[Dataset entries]
◆ ◆ ◆ ◆ ◆

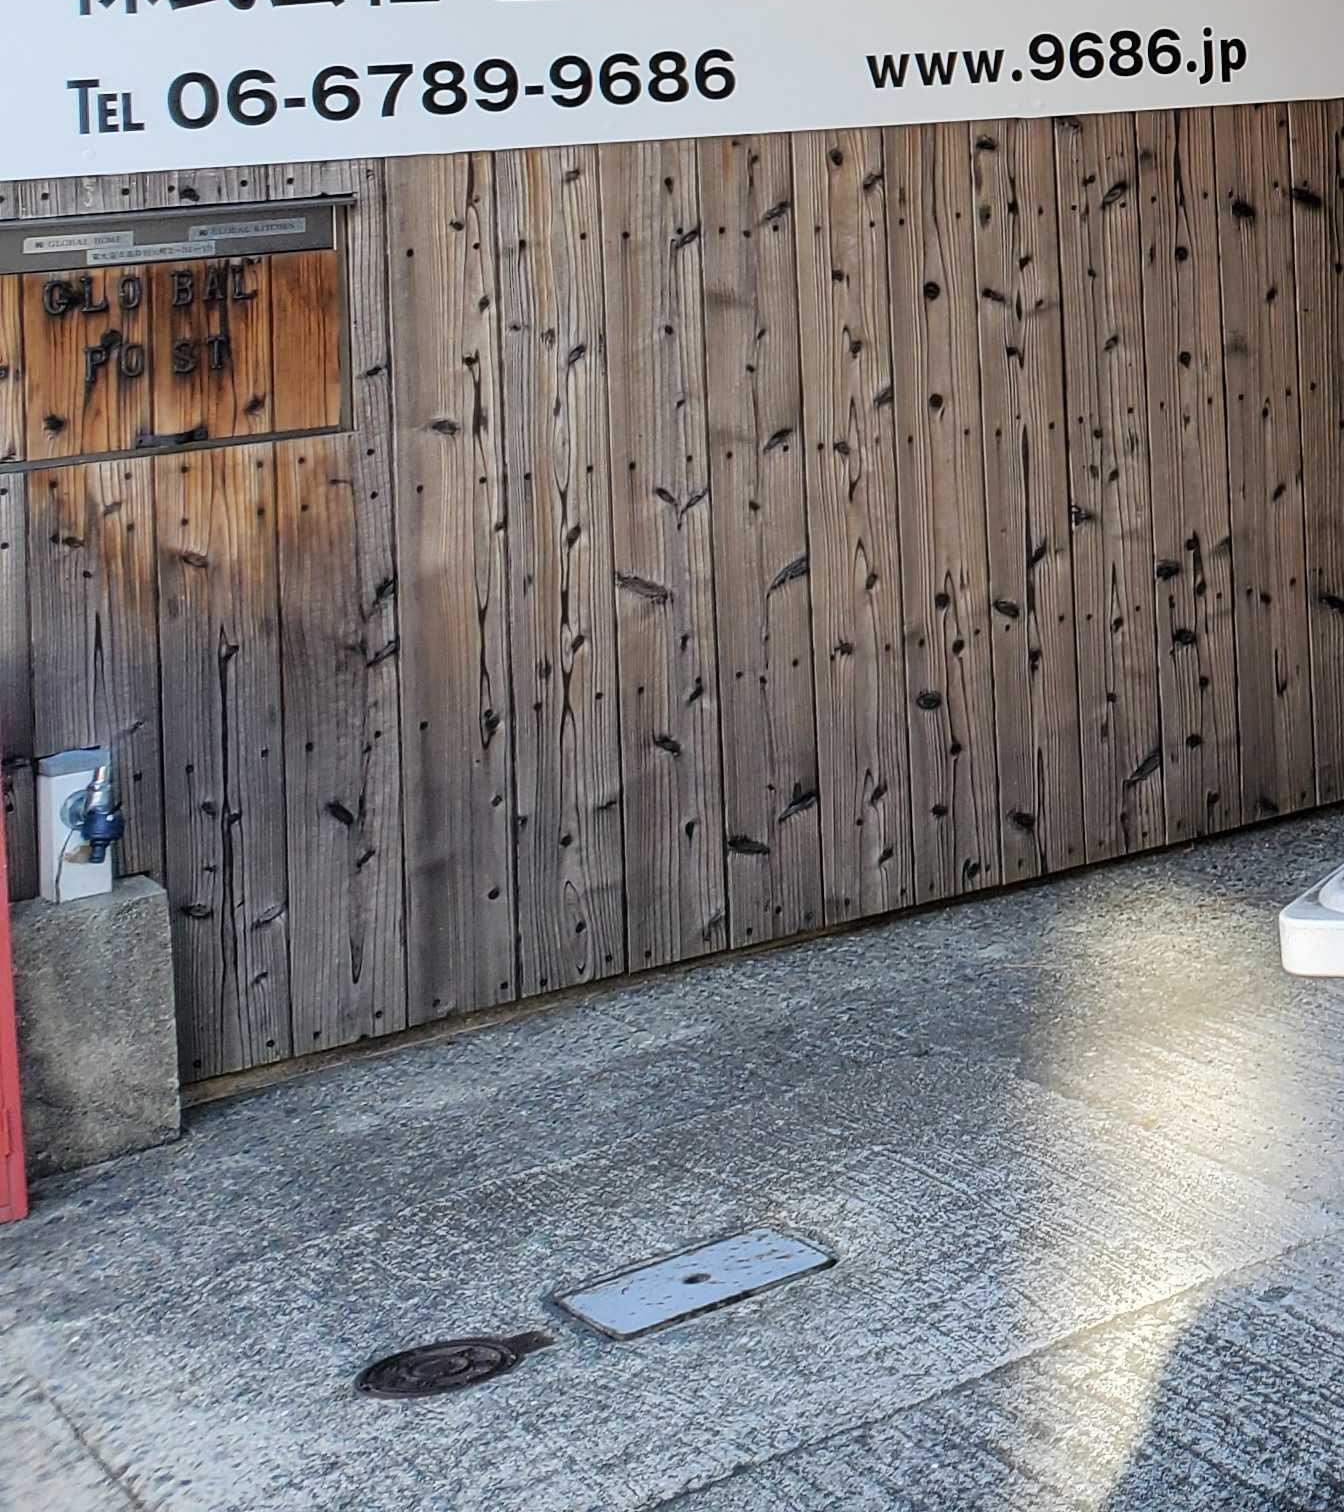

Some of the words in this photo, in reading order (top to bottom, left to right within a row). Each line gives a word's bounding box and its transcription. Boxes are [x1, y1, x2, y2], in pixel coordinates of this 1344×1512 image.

[167, 48, 737, 130] 06-6789-9686
[866, 27, 1248, 90] www.9686.jp
[83, 335, 230, 382] POST
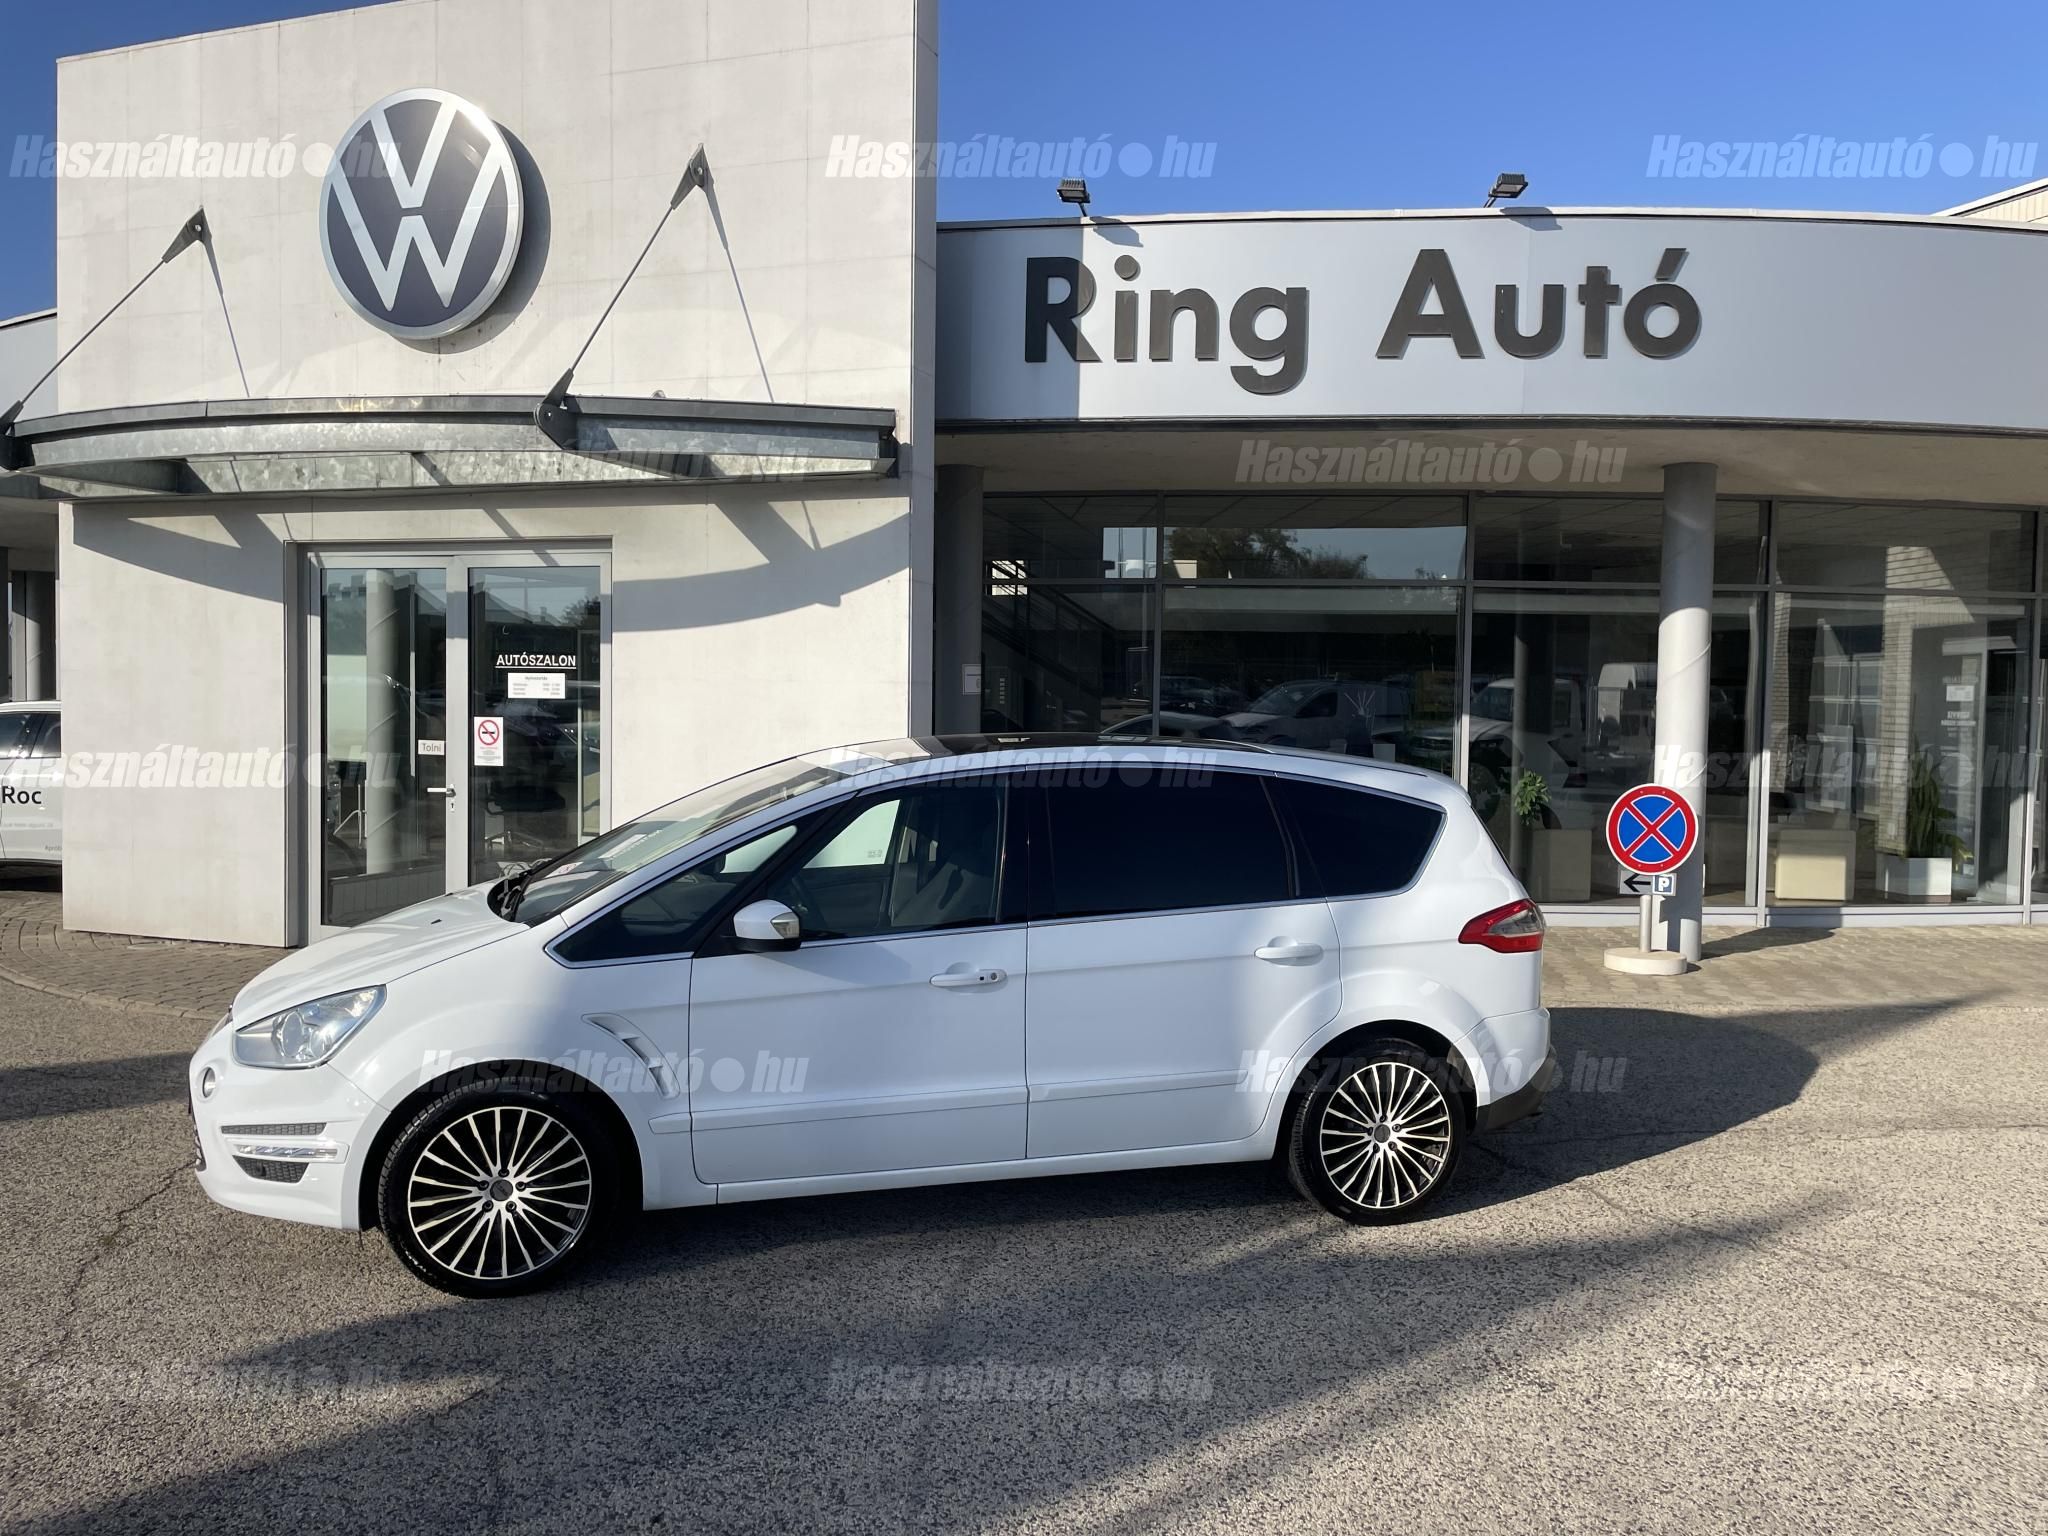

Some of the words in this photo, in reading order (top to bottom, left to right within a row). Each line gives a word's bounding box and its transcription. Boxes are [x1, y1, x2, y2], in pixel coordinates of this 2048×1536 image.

[1024, 254, 1309, 396] Ring
[1375, 247, 1702, 360] Autó
[496, 651, 577, 667] AUTÓSZALON
[421, 742, 442, 753] Tolni
[1, 785, 42, 805] Roc
[1658, 877, 1670, 892] P
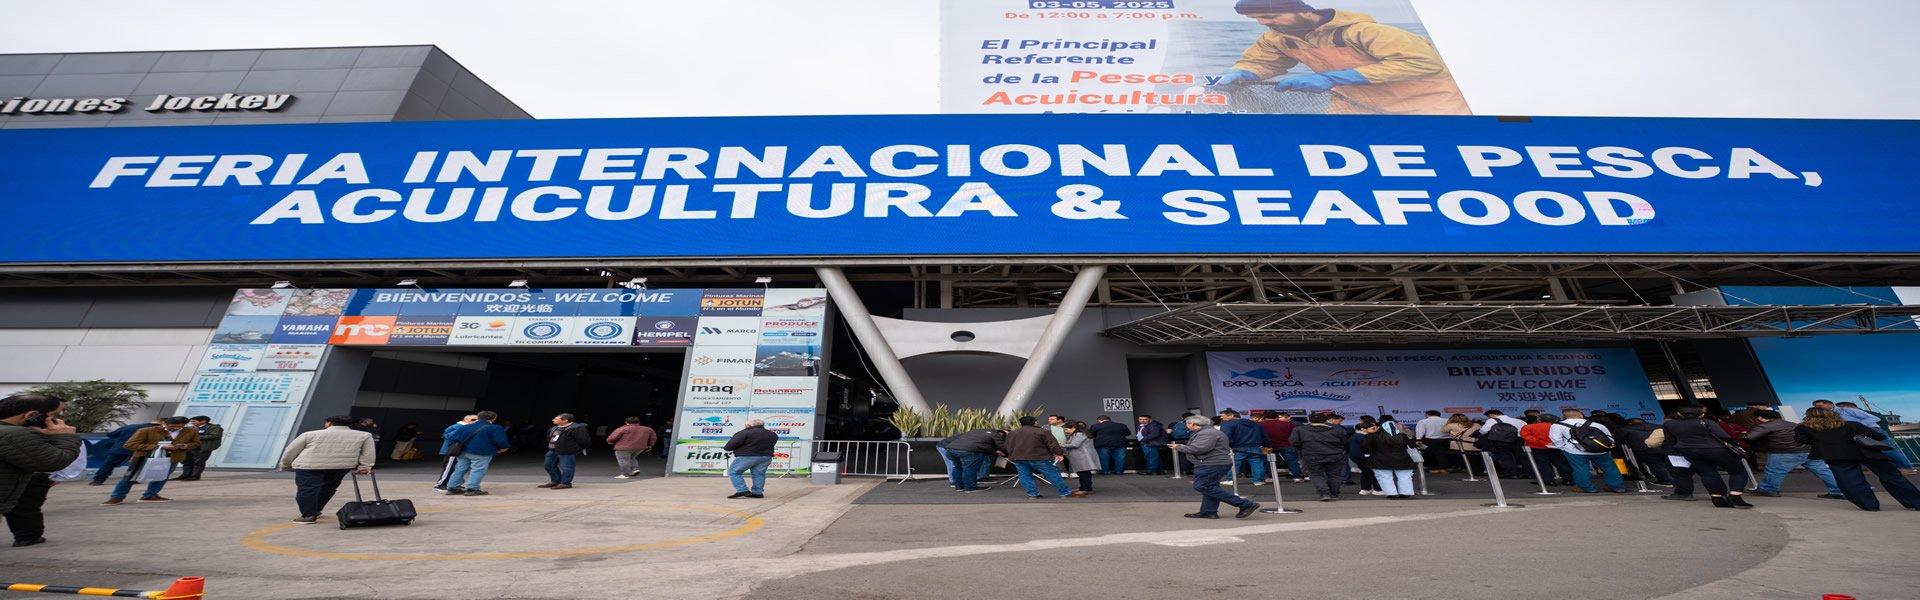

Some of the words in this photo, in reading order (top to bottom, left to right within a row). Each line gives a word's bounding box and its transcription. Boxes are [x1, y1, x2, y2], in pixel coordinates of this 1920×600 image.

◆ ◆ ◆ ◆ ◆

## DIRECTIONS FOR THIS TASK:
Reproduce each line of the records above, exactly and without pictures.

## SOLUTION TO THE PROBLEM:
Some of the words in this photo, in reading order (top to bottom, left to right within a row). Each line gives a word's bounding box and its transcription. Boxes are [x1, y1, x2, y2], in pixel coordinates of this 1344×1512 image.

[167, 48, 737, 130] 06-6789-9686
[866, 27, 1248, 90] www.9686.jp
[83, 335, 230, 382] POST

Some of the words in this photo, in reading order (top to bottom, left to right within a row). Each line gives a word's bounding box and its transcription. Boxes are [x1, y1, x2, y2], in pixel coordinates of this 2048×1536 image.

[1024, 254, 1309, 396] Ring
[1375, 247, 1702, 360] Autó
[496, 651, 577, 667] AUTÓSZALON
[421, 742, 442, 753] Tolni
[1, 785, 42, 805] Roc
[1658, 877, 1670, 892] P

Some of the words in this photo, in reading order (top to bottom, left to right within a row). Each line gives a word's bounding box and its transcription. Boxes are [x1, y1, x2, y2], in pixel coordinates of this 1920×600 image.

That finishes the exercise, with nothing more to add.